■ Task description ■
Nothing but a number should be given: how many lines of the records include "EMERGENCY"?

*** Entries supplied Section Begins ***

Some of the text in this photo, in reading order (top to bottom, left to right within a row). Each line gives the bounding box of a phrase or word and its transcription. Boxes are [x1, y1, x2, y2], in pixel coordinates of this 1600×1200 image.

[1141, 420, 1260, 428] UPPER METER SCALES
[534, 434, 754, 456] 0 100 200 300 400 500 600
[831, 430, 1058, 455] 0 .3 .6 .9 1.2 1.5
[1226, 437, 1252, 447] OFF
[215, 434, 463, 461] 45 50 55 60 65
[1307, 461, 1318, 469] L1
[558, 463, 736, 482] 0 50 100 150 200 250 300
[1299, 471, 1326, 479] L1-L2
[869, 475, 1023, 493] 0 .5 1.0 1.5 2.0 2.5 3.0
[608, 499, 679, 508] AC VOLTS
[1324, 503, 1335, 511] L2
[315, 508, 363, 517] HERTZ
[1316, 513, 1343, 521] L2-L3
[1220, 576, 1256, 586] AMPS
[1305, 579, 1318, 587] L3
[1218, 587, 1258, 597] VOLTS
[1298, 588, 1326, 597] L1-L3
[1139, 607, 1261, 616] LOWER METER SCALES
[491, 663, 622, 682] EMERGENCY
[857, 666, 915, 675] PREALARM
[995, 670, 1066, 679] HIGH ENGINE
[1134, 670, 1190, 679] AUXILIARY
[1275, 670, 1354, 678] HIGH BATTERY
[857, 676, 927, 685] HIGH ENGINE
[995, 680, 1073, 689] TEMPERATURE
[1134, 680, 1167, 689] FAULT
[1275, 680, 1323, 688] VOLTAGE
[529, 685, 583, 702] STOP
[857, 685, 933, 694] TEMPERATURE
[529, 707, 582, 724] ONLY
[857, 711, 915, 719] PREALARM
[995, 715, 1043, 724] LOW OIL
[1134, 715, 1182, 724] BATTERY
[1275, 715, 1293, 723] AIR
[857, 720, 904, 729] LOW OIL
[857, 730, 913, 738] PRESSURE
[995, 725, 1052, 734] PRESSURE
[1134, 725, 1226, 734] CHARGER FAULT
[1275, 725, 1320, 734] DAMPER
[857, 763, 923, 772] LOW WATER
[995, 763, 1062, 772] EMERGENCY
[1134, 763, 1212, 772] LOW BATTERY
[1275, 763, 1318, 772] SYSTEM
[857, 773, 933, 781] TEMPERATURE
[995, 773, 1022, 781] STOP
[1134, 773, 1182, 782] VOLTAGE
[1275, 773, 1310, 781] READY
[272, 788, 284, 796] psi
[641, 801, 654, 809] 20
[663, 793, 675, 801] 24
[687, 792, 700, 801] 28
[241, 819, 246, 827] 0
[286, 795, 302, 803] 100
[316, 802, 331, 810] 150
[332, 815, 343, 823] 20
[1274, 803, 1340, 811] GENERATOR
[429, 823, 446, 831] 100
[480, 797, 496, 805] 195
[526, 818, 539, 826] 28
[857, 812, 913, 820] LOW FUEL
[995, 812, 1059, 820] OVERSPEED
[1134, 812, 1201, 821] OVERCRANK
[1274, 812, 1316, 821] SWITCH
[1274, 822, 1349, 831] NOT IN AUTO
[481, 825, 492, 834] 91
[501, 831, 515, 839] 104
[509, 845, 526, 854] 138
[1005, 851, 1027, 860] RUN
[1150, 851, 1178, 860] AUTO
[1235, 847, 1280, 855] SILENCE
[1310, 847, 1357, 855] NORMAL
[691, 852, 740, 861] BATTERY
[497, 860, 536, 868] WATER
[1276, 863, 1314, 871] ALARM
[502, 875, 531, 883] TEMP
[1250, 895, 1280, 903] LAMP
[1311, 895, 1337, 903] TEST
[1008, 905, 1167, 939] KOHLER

*** Entries supplied Section Ends ***

■ Solution to the problem ■
2